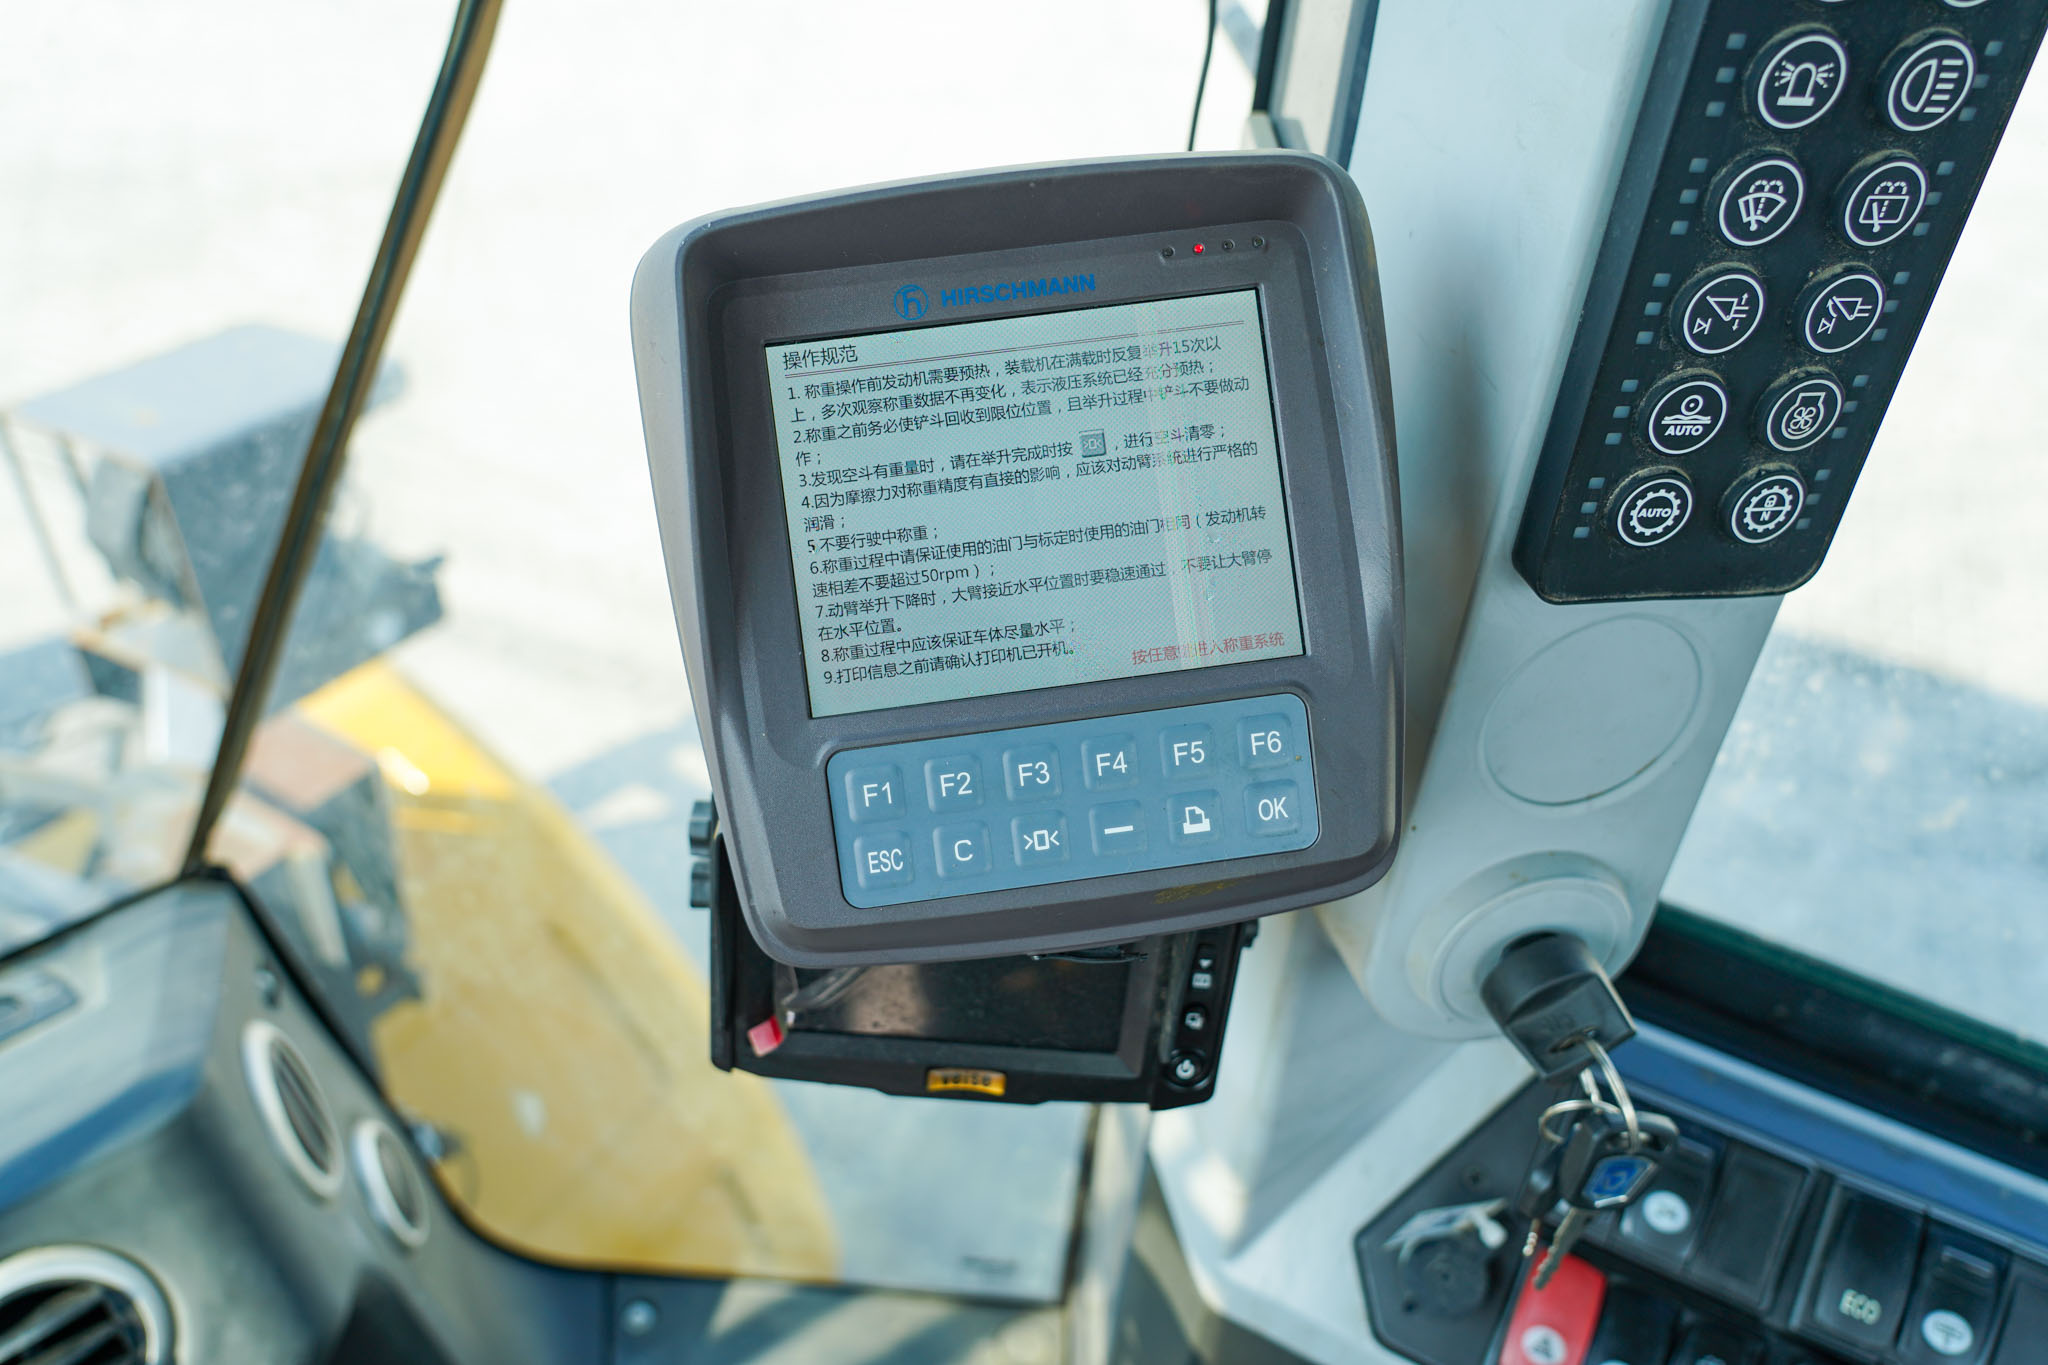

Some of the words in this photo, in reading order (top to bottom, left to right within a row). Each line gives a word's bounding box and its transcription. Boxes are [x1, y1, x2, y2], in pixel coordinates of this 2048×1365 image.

[941, 274, 1096, 308] HIRSCHMANN
[780, 344, 858, 371] 操作规范
[1664, 425, 1703, 436] AUTO
[801, 513, 846, 533] 润滑；
[1638, 507, 1672, 518] AUTO
[1760, 511, 1772, 521] N
[805, 524, 939, 554] 5不要行驶中称重；
[815, 617, 902, 642] 在水平位置。
[1173, 740, 1205, 766] F5
[1250, 730, 1282, 755] F6
[1018, 761, 1050, 787] F3
[1095, 751, 1128, 776] F4
[863, 781, 893, 807] F1
[940, 771, 973, 797] F2
[1258, 796, 1289, 821] OK
[868, 847, 904, 874] ESC
[954, 839, 974, 862] C
[1840, 1289, 1881, 1325] ECO

--*--

** Task goal **
Repeat the entries exactly as they are given, leaving out each image.

** Solution below **
Some of the words in this photo, in reading order (top to bottom, left to right within a row). Each line gives a word's bounding box and its transcription. Boxes are [x1, y1, x2, y2], in pixel coordinates of this 2048×1365 image.

[941, 274, 1096, 308] HIRSCHMANN
[780, 344, 858, 371] 操作规范
[1664, 425, 1703, 436] AUTO
[801, 513, 846, 533] 润滑；
[1638, 507, 1672, 518] AUTO
[1760, 511, 1772, 521] N
[805, 524, 939, 554] 5不要行驶中称重；
[815, 617, 902, 642] 在水平位置。
[1173, 740, 1205, 766] F5
[1250, 730, 1282, 755] F6
[1018, 761, 1050, 787] F3
[1095, 751, 1128, 776] F4
[863, 781, 893, 807] F1
[940, 771, 973, 797] F2
[1258, 796, 1289, 821] OK
[868, 847, 904, 874] ESC
[954, 839, 974, 862] C
[1840, 1289, 1881, 1325] ECO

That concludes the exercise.